# Script to process the comments, extract sentiment and make it into a decision class/verdict

This script processes only the comments and is based on sentiment analysis of NLP. Basic version, using just the keywords. 

Processing of comments:
* find comments that are positive 
* find comments that are negative
* finding = looking for specific word and phrases

In [1]:
# lexicon for positive sentiments
keywordsComments_positive = ['good', 'idea', 'good idea', 
                             'done', 'beside', 'improved', 
                             'thank' 'yes', 'well', 
                             'nice', 'positive', 'better', 
                             'best', 'super', 'great', 
                             'fantastic']

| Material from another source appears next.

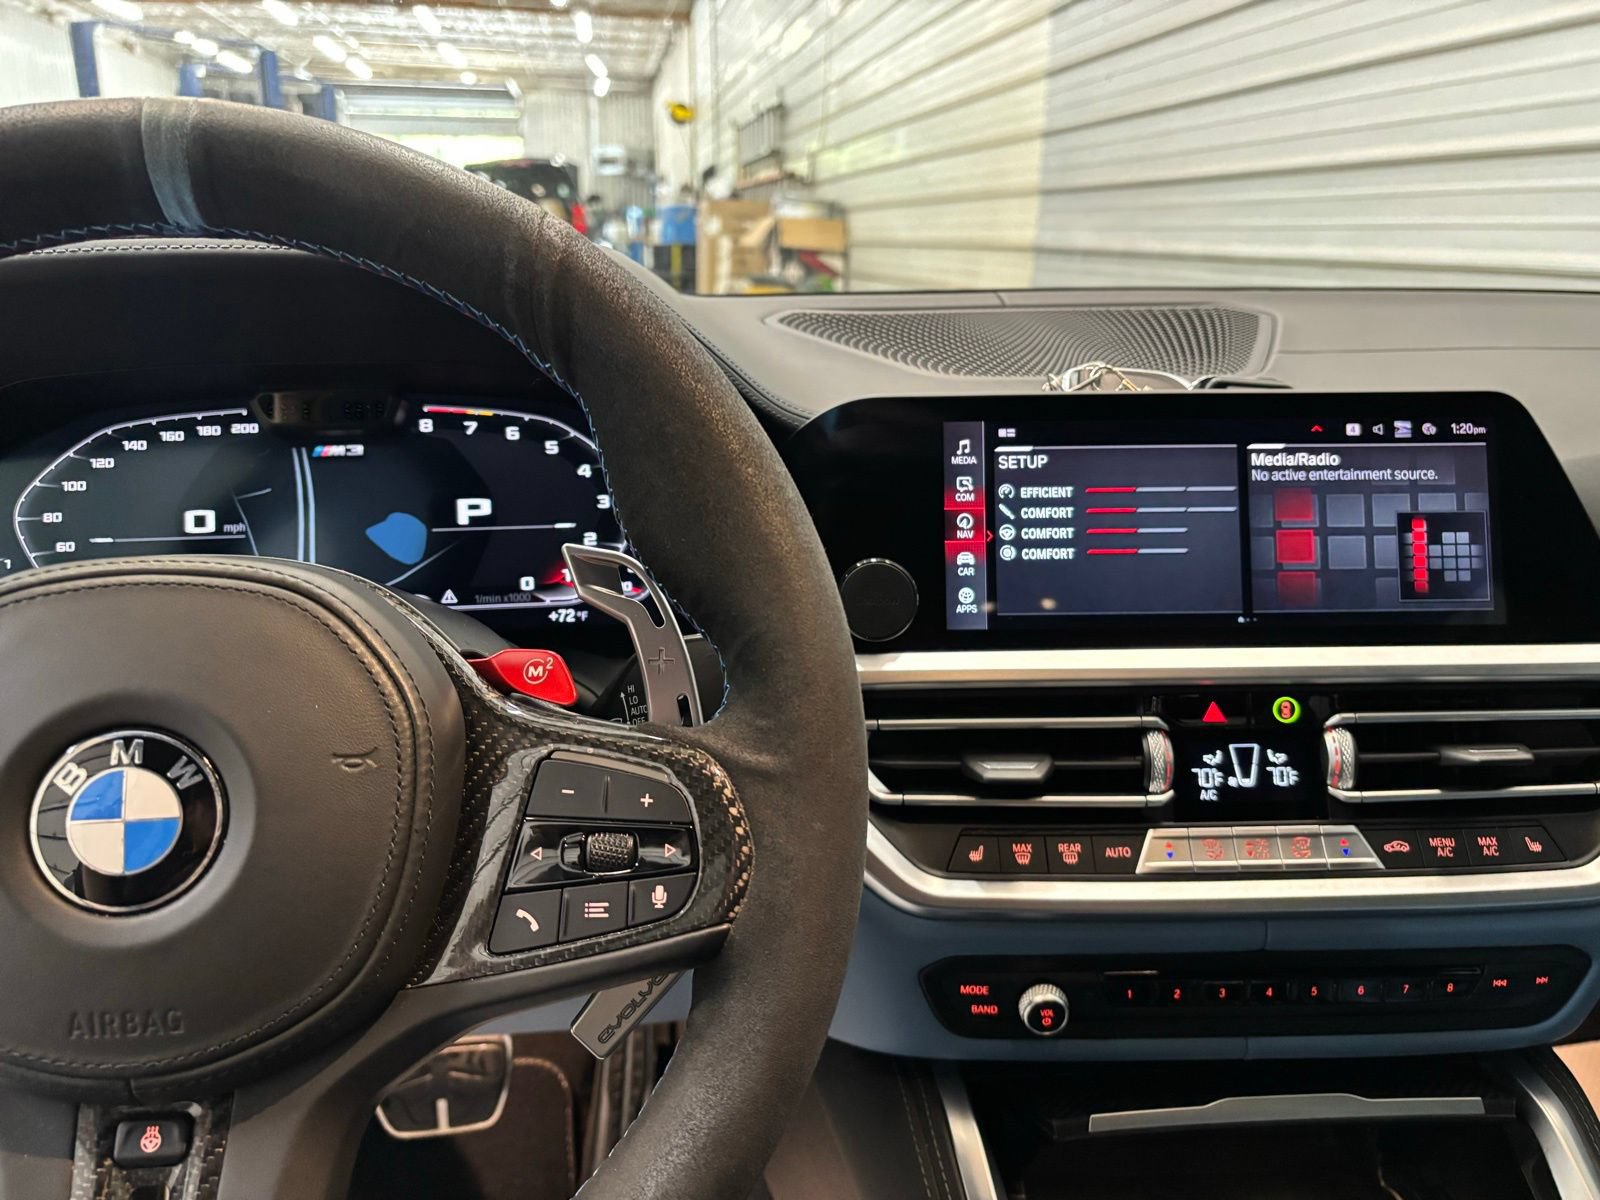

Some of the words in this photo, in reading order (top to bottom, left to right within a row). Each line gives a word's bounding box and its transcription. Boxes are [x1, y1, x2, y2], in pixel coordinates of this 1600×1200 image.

# lexicon for negative sentiments 
keywordsComments_negative = ['not good', 'not improve', "don't"
                             'should', 'should not', '?', 
                             'aside', 'tend', 'not done', 
                             'bad', 'improve', 'remove', 
                             'add', 'include', 'not include', 
                             'defeat', 'no', 'do not',  
                             'chaotic', 'negative', 'worse', 
                             'worst']



In [2]:
# location of the file with the input
filename = './gerrit_reviews_wireshark.csv'

# location of the file with the output feature vector
saveFilename = './gerrit_review_comments_dictionary_sentiment_wireshark.csv'

In [3]:
# import numpy
# we use it to easily work with arrays
import numpy as np

# we use it for saving CSV file
import pandas as pd


In [4]:

# comment feature vector is analyzed based on the keywords specified as parameters
# the sentiment is based on the percentage of positive - negative keywords found
def comment2sentiment(strComment,keywordsComments_positive, keywordsComments_negative):
    countPositive = 0
    countNegative = 0
    
    totalPositives = len(keywordsComments_positive)
    totalNegatives = len(keywordsComments_negative)
    
    for oneKeyword in keywordsComments_positive:
        countPositive += strComment.lower().count(oneKeyword.lower())
    
    for oneKeyword in keywordsComments_negative:
        countNegative += strComment.lower().count(oneKeyword.lower())
    
    quotinentPositive = countPositive / totalPositives
    quotinentNegative = countNegative / totalNegatives
    
    sentimentQuotinent = quotinentPositive - quotinentNegative
    
    # once we have the quotinent, we change it into verdict
    # anything that is positive becomes 1 and
    # anything that is negative becomes 0
    if sentimentQuotinent > 0:
        return 1
    else:
        return 0

In [9]:
# use this to skip the first line and to print out something once every 1000 lines
iIndex = 0

# initializing a data frame with the result of the sentiment analysis
dfSentimentedLines = pd.DataFrame()

with open(filename, 'r', encoding = 'utf-8') as fInputFile:
    for strInputLine in fInputFile:
        lineElements = strInputLine.split(';')
        iIndex += 1
        
        if not iIndex % 1000:
            print(f'INFO: Processing line {iIndex}') 
        
        if len(lineElements) > 7 and iIndex > 1:
            strLineCode = lineElements[6]
            strLineComment = lineElements[7].replace('\n', '_')
            strReviewFilename = lineElements[2]
            
            # filter if line is about COMMIT_MSG
            # if not, then we calculate the sentiment
            if not 'COMMIT_MSG' in strReviewFilename:                
                sentiment = comment2sentiment(strLineComment, keywordsComments_positive, keywordsComments_negative) 
                oneRow = {'filename': strReviewFilename, 'LOC': strLineCode, 'class_value': sentiment, 'message': strLineComment}
                dfSentimentedLine = pd.DataFrame([oneRow], columns = oneRow.keys())
                dfSentimentedLines = pd.concat([dfSentimentedLines, dfSentimentedLine], axis=0)
            else:
                print(f'INFO: Skipping Commit message in line {strReviewFilename}: {strLineCode}')
                print(f'INFO: Lines processed: {dfSentimentedLines.shape[0]}')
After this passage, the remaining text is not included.